Solía ir distraído y dándole vueltas siempre a las mismas cuestiones, las cuales no le llevaban a ninguna conclusión que le permitiese mirar, no ya con opti- mismo, sino con un poco de tranquilidad un futuro en el que sólo adivinaba monotonía y decadencia física. En esas estaba cuando vio a una mujer subida en el petril de uno de los puentes por los que solía pasar, y le pareció que tenía la intención de tirarse desde él.
—¿Qué va a hacer usted? —le gritó, pues aún estaba a unos cuantos metros de ella.
La mujer, que miraba impertérrita las aguas del turbulento río que corría bajo sus pies, volvió la cabeza desconcertada y se fijó en aquel desconocido.
—No lo haga, es estúpido —volvió a gritar aunque ya sólo le separaban de ella unos veinte metros.

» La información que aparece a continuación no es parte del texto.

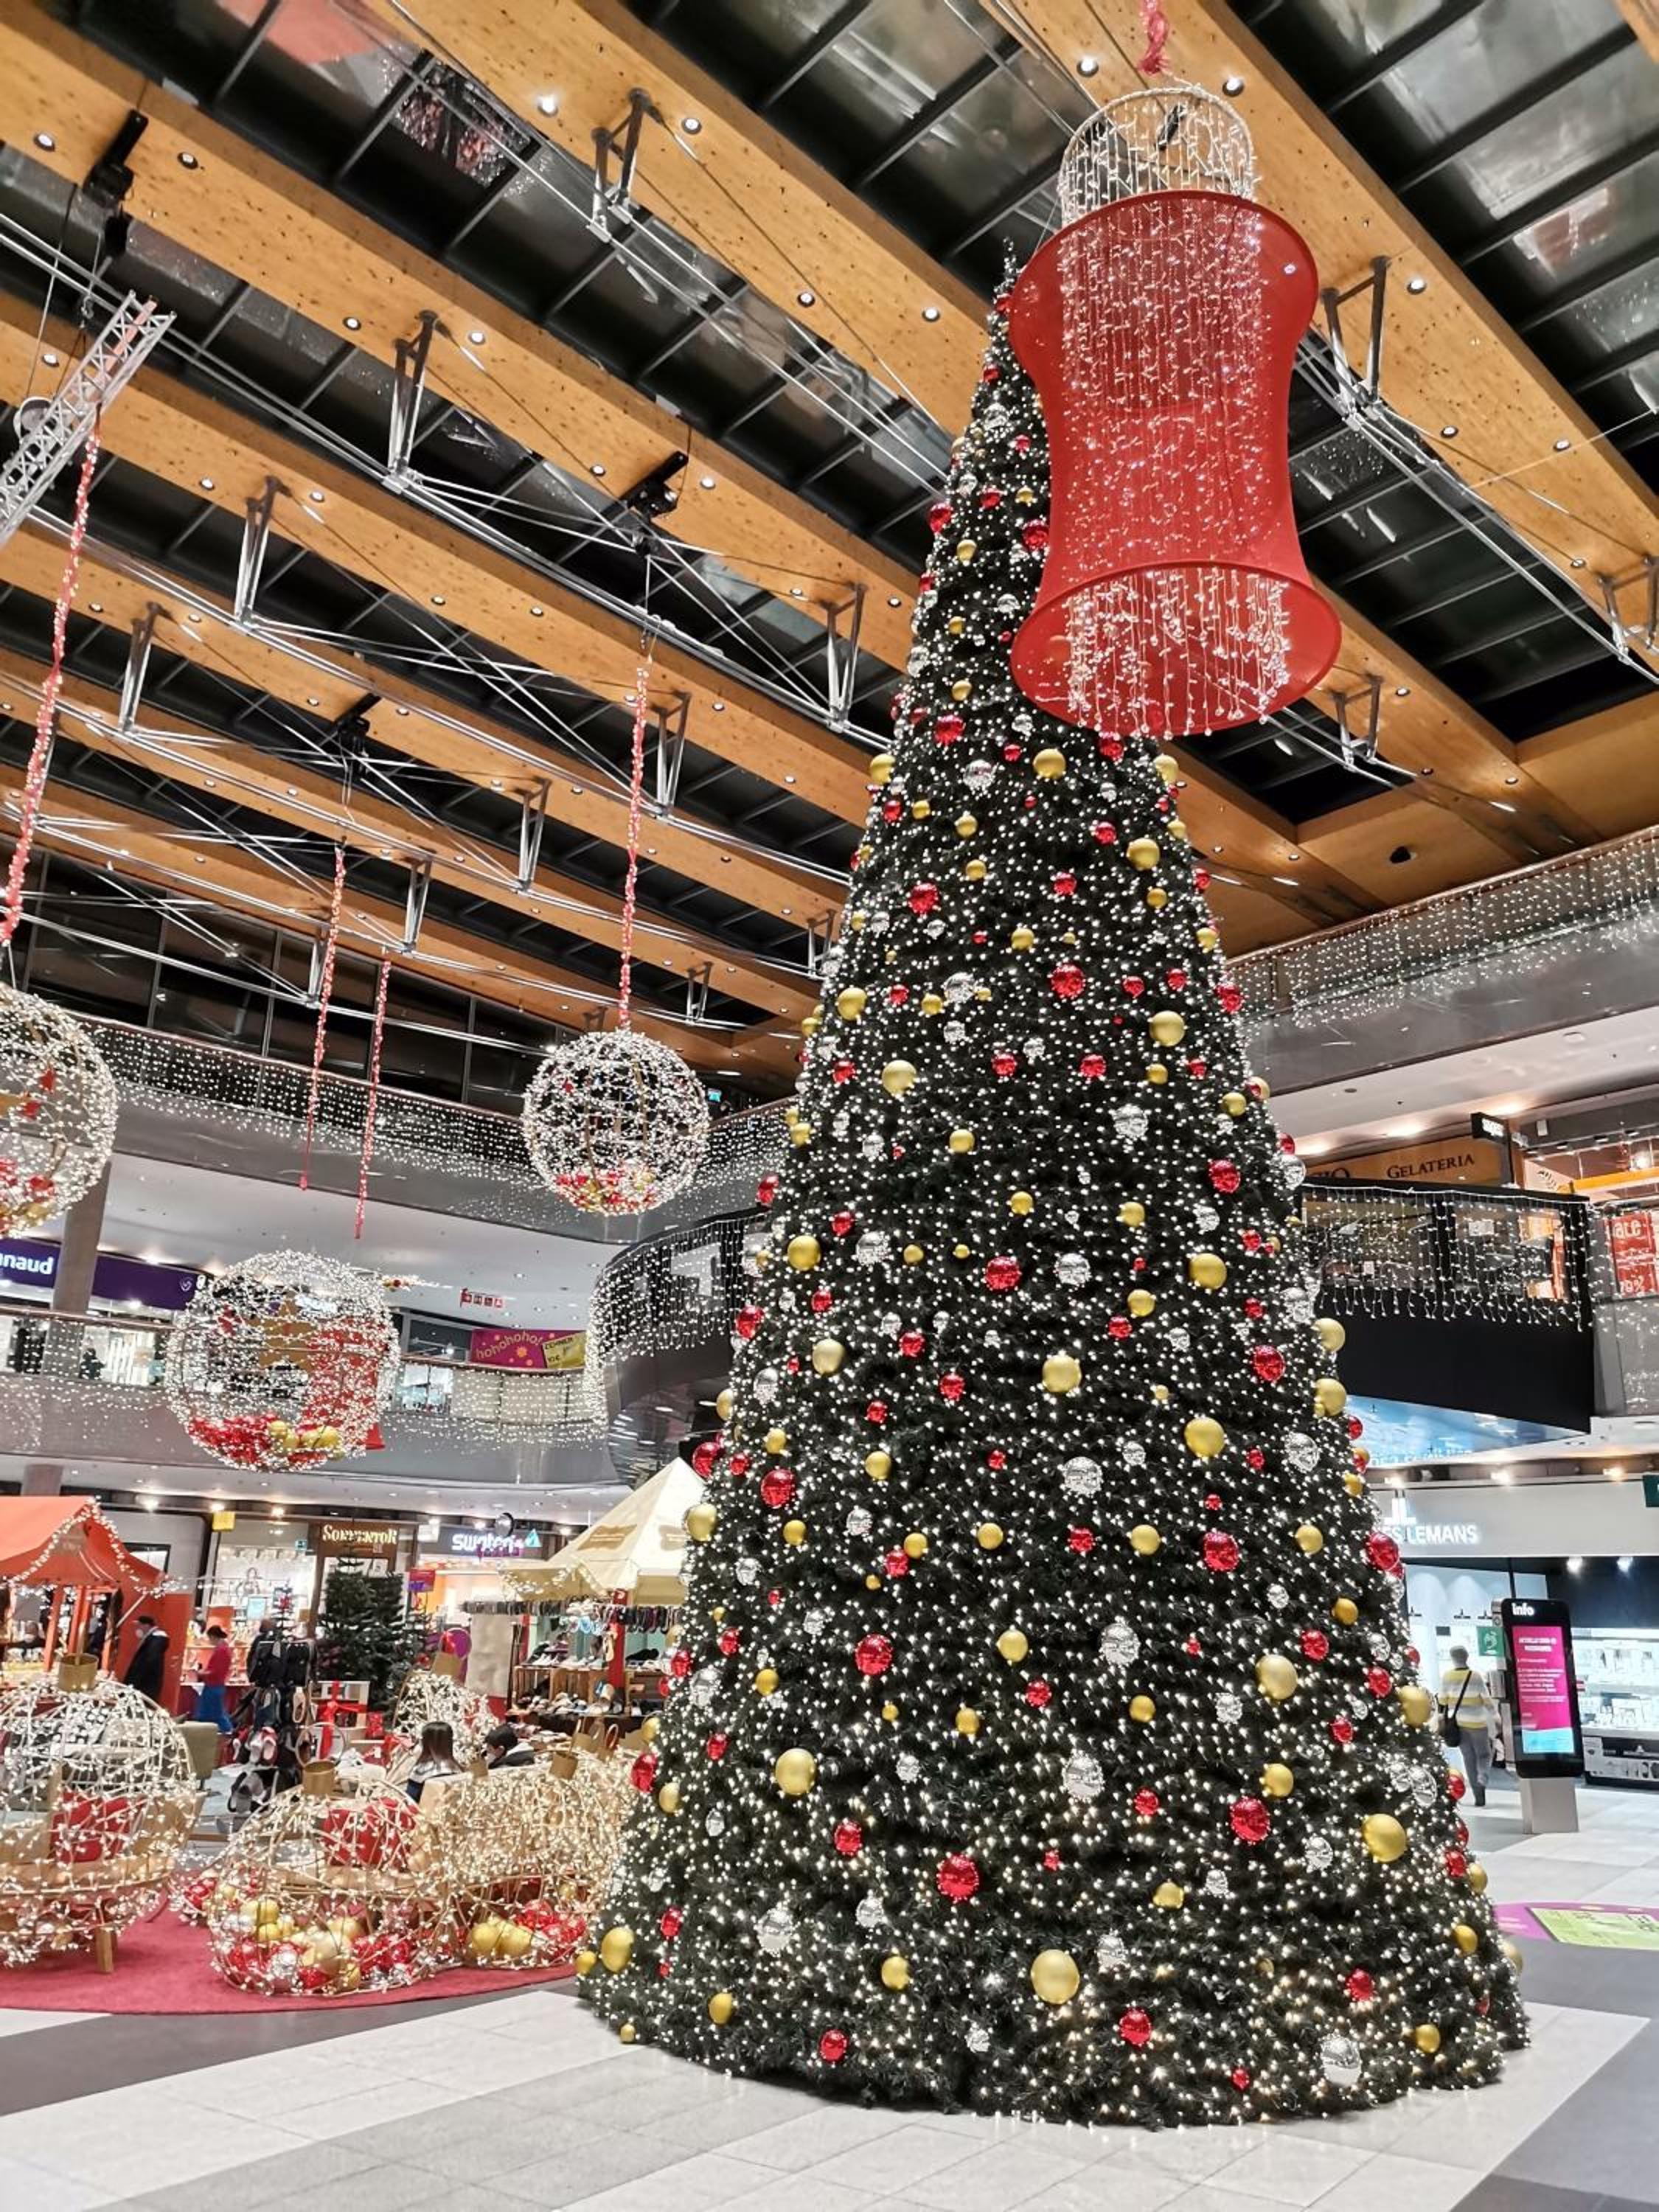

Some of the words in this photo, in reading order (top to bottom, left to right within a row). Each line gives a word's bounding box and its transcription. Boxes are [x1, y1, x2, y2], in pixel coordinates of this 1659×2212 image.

—¿Estúpido? ¿Qué puede saber usted?
—Es cierto, no sé nada, pero quitarse la vida en sus circunstancias es un grave error sin corrección posible.
—¿Y cuáles son mis circunstancias?
—Es usted joven y bien parecida y tiene toda una vida por delante.
—Pues quizá sea ese el problema.
—¿No podría contármelo?
—Oiga, déjeme en paz, continúe su paseo y olvídese de que me ha visto. Si sigue molestándome me iré, pero sepa que mi decisión es firme, que nadie podrá impedir que me suicide, si no es hoy, lo haré mañana, y no me importa la forma, de aquí puedo irme a las vías del tren, o subirme a un rascacielos.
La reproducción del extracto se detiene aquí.